Microsoft Senior Vice President of .NET Enterprise Servers Paul Flessner announced the company's Jupiter plans during his MEC 2002 keynote address last week. "Oftentimes when customers have a choice of an integrated product and standalone products, they feel like they have to make a choice between a pure play best-of-breed application, or the OK functionality you might find in an integrated product set," he said, explaining Microsoft's decision to integrate its e-business servers. "With Jupiter, our customers won't have to make that choice. We have the advantage of building this integrated solution on top of award winning, best of breed e-business products, so we're going to be able to deliver an integrated experience that's also best of breed functionality."

Microsoft will deliver Jupiter in two stages.

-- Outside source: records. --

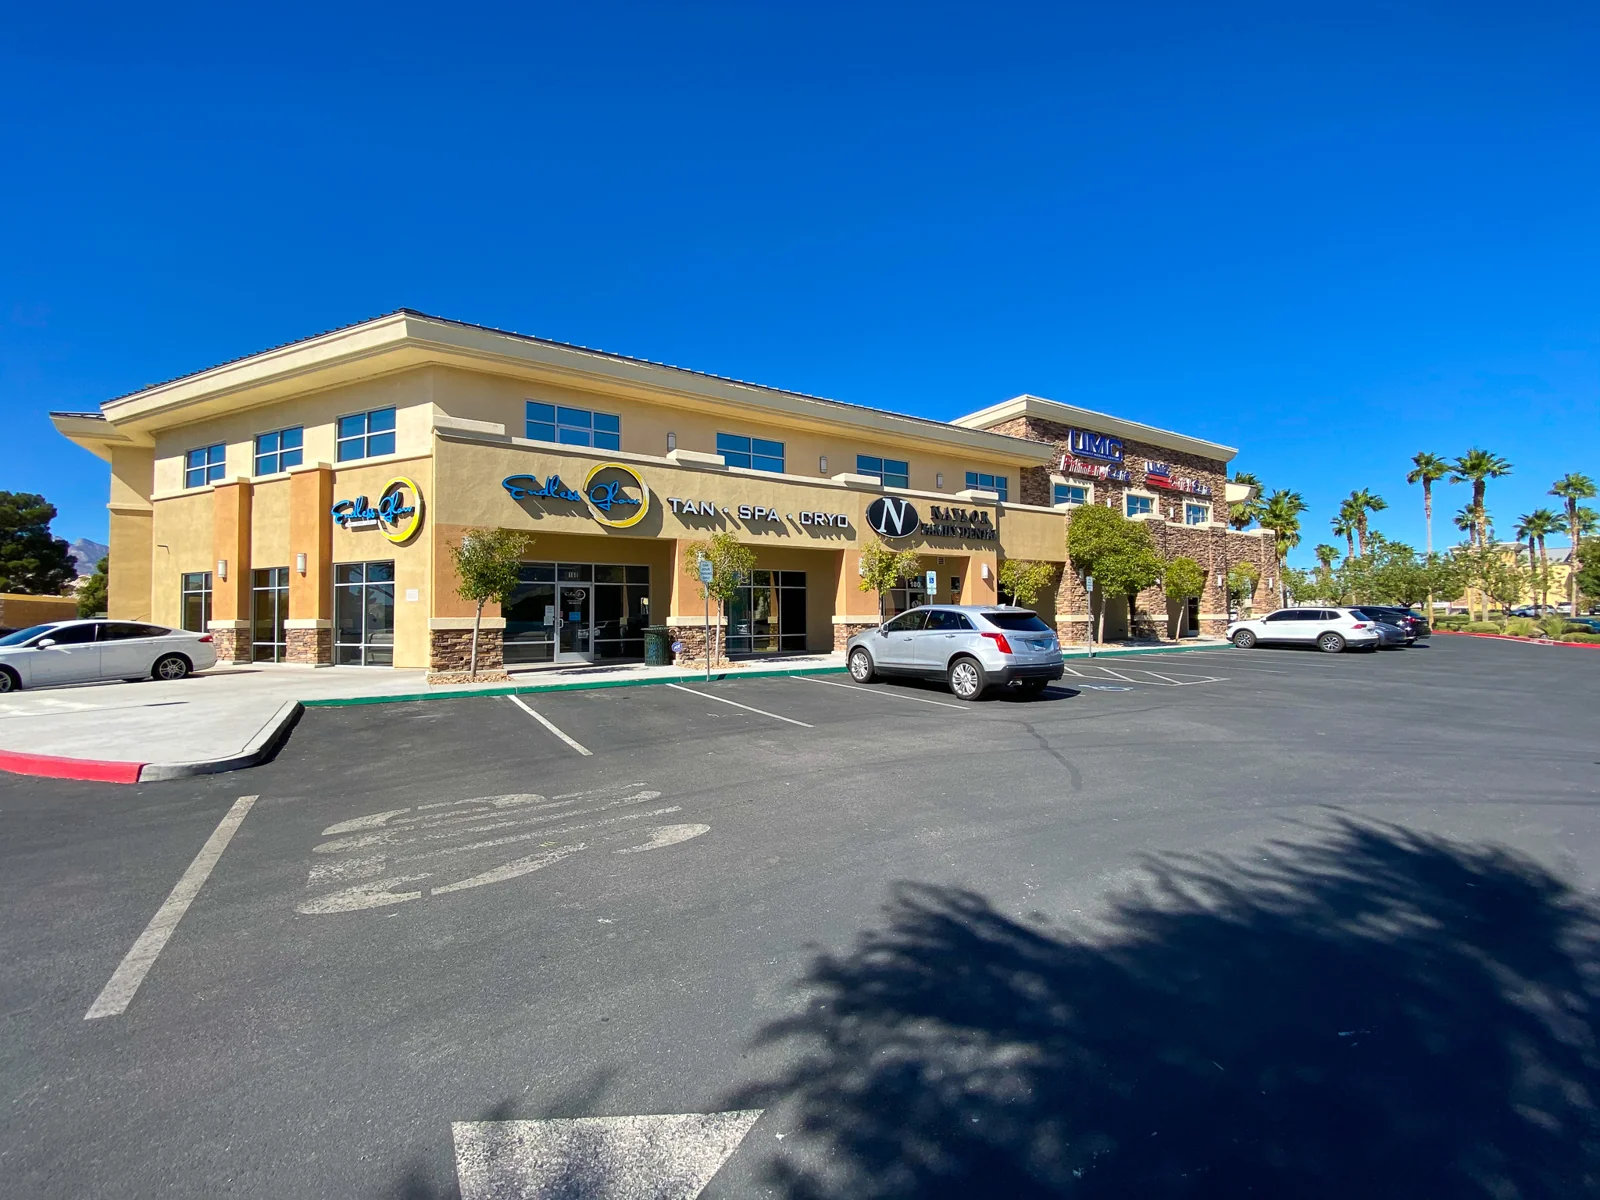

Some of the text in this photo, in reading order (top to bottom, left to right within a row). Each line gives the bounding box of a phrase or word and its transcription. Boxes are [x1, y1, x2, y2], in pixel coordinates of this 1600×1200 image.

[1068, 429, 1122, 462] UMC
[1060, 454, 1131, 482] Primary Care
[331, 491, 413, 525] Endless Glow
[502, 474, 640, 511] Endless Glow
[667, 497, 849, 528] TAN SPA CRYO
[877, 498, 909, 535] N
[930, 505, 989, 525] NAYLOR
[920, 523, 997, 541] FAMILY DENTAL
[293, 781, 711, 915] STOP

In the second half of 2003, Microsoft will ship a Jupiter server product that includes process automation, workflow and integration technologies, Business Process Execution Language support, and an integrated development platform based on Visual Studio .NET. A second release, due in the first half of 2004, will add many Web site management features and an integrated environment for knowledge workers, probably based on Microsoft Office.

To extend Instant Messaging (IM) to the enterprise, Microsoft will release its Real-Time Communications (RTC) server, code-named Greenwich, in early 2003. The company originally planned to release this server as part of Windows .NET Server (Win.NET Server) 2003. And although Greenwich will still have strong ties to Microsoft's next server OS, divergent development schedules and increasing capabilities caused a split. According to Microsoft, Greenwich will provide a central means to manage all real-time communications within a business, supporting IM, video conferencing, and voice communication. And Greenwich provides the security, manageability, standards-based architecture, and extensibility that Microsoft says will set the product apart from competing solutions.

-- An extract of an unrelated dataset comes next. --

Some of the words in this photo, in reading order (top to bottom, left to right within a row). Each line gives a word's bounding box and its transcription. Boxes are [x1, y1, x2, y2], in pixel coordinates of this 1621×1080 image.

The next Microsoft Exchange Server version, code-named Titanium, is due in mid-2003 and will deliver a vastly improved Outlook Web Access (OWA) client that virtually duplicates all the functionality in the Outlook 11 client, also due in mid-2003. New OWA features include spell checking, task management, and antispam technologies. Titanium will also extend the use of mobile devices such as Pocket PCs, thanks to support for industry-standard mobile Web technologies and new mobile services. At MEC, Microsoft touted new Titanium features, such as support for Win.NET Server Volume Shadow Copy, Active Directory (AD), and Outlook 11 cache mode, so that offline users can still access their inbox information.

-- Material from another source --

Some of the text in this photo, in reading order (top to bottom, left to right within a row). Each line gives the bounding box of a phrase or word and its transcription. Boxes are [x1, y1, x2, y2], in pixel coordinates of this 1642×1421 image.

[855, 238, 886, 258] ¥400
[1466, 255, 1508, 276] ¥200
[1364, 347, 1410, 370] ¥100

Microsoft also used MEC to introduce a new member of the Microsoft Office family, XDocs. XDocs is the code-name for a new application or service that will work inside other Office applications—Microsoft isn't sure which ones yet—that will bring XML Web services technologies to the client. Building off the investment that companies have made with XML on back-end systems, XDocs provides a client-side interface for accessing information. Previously, companies might have used Web pages for this purpose, but Web pages have two huge limitations. First, from a UI perspective, Web pages aren't very rich environments. As a result, they can't support many Office features that users have come to expect, such as spelling and grammar checking, WYSIWYG drag-and-drop functionality, and conditional formatting. Second, Web pages aren't persistent, and are ineffectual for entering huge amounts of data over time.

To address these and other limitations, XDocs will present the user with a familiar Office application interface, complete with all the niceties found in other Office applications. XDocs will support three modes: In Design mode, developers and technical users can create forms-based interfaces that interact with XML back-end systems. In Editing mode, an end user can access an XDocs form, and edit existing back-end data. In View mode, an end user can query back-end data, perhaps presenting it in various visually attractive ways.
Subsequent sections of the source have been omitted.